With most results now in, the U.S. pay TV industry lost about 762,000 video subs in the first quarter of 2017, a worst-ever result for the period, according to a new report from MoffettNathanson.
“For the better part of fifteen years, pundits have predicted that cord-cutting was the future. Well, the future has arrived,” MoffetNathanson’s Craig Moffett declared in his Q1 2017 Cord-Cutting Monitor.
He noted that video losses from Q1 was more than five times as large as last year’s loss of 141,000.
“It leaves the Pay TV subscriber universe shrinking at its worst ever annual rate of decline (-2.4%). And it was the worst ever accelerate in the rate of decline (60 bps),” Moffett explained, adding later that the incremental number of cord-cutter and cord-never homes has grown to more than 6.5 million since 2013.
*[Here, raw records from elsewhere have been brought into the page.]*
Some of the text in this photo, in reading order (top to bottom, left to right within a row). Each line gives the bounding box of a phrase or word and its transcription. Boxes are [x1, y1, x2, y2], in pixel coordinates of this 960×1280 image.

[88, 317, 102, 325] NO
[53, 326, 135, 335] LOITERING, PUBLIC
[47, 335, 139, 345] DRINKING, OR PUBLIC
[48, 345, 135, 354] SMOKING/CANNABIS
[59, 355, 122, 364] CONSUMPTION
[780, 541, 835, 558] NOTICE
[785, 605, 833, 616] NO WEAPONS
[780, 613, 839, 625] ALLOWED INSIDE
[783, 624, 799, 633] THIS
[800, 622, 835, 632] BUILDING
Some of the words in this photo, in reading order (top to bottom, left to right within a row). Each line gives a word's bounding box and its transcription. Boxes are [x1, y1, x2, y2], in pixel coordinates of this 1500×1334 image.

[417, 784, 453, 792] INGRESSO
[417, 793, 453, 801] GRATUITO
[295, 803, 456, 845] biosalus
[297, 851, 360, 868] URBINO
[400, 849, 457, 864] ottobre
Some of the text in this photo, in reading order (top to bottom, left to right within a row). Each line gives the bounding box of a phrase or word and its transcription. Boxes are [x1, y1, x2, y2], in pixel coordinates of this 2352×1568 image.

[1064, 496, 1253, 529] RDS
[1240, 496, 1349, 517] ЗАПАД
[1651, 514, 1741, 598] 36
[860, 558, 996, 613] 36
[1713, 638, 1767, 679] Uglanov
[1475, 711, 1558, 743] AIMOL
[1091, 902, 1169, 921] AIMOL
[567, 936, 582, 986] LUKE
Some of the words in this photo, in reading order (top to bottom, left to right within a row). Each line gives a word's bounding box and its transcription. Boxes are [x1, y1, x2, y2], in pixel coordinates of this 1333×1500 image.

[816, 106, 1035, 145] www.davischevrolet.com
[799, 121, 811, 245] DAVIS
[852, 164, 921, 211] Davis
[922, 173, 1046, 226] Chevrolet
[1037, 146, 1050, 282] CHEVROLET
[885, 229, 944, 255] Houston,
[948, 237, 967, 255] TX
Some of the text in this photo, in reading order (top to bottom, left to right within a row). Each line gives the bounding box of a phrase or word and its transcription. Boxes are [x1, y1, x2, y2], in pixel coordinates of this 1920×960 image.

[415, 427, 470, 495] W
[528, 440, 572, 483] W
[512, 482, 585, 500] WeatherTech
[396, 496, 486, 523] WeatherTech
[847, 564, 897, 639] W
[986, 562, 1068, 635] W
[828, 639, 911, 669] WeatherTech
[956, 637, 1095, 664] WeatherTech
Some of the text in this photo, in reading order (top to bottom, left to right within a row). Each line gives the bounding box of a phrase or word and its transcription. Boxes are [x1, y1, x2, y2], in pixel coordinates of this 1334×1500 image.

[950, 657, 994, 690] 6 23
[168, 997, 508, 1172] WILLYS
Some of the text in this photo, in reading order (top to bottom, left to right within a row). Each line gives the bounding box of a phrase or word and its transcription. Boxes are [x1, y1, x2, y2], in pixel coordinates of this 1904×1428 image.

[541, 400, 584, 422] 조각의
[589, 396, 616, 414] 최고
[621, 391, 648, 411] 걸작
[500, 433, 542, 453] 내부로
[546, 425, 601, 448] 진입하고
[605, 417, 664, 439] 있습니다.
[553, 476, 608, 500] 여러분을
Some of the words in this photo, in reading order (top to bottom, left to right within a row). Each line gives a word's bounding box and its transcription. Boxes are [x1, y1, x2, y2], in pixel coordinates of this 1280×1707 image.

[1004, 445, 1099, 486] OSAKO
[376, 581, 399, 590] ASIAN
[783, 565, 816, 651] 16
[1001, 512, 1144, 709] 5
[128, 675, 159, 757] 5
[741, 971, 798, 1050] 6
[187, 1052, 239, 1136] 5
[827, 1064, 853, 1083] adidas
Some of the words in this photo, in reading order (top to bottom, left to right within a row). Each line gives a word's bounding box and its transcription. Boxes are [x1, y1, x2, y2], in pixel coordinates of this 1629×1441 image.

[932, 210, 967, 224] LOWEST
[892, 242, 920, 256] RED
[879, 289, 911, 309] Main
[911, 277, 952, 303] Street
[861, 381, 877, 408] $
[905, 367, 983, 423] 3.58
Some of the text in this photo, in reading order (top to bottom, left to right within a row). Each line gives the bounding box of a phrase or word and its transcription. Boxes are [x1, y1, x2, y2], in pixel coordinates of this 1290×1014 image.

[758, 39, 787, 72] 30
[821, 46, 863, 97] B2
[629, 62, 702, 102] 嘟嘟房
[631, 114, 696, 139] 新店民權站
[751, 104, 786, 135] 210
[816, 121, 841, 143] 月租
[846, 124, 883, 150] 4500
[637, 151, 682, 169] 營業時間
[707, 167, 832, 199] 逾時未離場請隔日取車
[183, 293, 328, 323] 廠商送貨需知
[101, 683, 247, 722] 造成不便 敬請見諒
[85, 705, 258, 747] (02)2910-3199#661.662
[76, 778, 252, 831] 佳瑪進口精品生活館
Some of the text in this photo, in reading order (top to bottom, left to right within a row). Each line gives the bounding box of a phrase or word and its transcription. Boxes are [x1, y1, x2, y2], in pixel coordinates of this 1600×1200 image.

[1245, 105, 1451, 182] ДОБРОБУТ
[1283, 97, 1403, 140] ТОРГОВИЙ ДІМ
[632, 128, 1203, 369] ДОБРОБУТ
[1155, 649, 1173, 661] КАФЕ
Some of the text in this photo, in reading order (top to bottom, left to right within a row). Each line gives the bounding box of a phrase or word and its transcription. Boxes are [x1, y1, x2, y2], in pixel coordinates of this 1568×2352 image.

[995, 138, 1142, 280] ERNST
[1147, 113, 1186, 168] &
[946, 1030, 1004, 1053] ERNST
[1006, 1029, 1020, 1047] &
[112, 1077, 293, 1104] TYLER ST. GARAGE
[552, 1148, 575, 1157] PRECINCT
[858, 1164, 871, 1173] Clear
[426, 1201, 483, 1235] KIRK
Moffett issued his report prior to Q1 results from Altice, WideOpenWest, Cable ONE and CenturyLink, and Mediacom Communications, a group that represents about 6% of the pay TV universe. Mediacom reported today that it lost 3,000 video subs in Q1.
Those numbers, which estimate numbers for Cox and other private MSOs that account for about 8% of the U.S. pay TV universe, also did not include subs from virtual MVPD services like DirecTV Now and Sling TV. With those OTT options factored in, Moffett estimated that sub growth slipped to -1.3%.
“In short, while our numbers are necessarily imperfect, the margin of error just isn’t wide enough to explain away the accelerating deterioration in video subscriber growth,” he wrote, adding that the big takeaway is that video sub growth got meaningfully worse even with the emergence of virtual MVPDs.
By combining the acceleration of cord-cutting and a widening group of cord-nevers, Moffett said nearly 1 million homes either cut the cord or chose not to take one in the first place in Q1
Moffett said the picture worsens when one considers that Census Bureau data shows that there were 157,000 new households formed in Q1, and the sub losses are coming despite a “tailwind” of about 500,000 households compared to last year.
Under normal circumstances, about 80% of those would sign up for pay TV, causing Moffett to beg the question: “Where are they?”
He said the root of cord-cutting acceleration is not demand, but supply, as would-be cord-cutters now have many options at hand. And he doesn’t buy excuses from Charter Communications and Dish Network that less aggressive retention offers are causing churn rates to rise.
“After all, cutting the cord isn’t just a matter of whether the Pay TV operators are or aren’t offering promotions. Those subscribers have to have somewhere to go.”
He also suggested that a decline in both the distributor and cable network universe (programmers, he said, lost about 459,000 subs in Q1) can be attributed to password sharing and piracy.
“Whatever the cause, it seems naïve to suggest that we have seen the worst of the trend. Instead, this is almost certainly just the beginning,” Moffett wrote.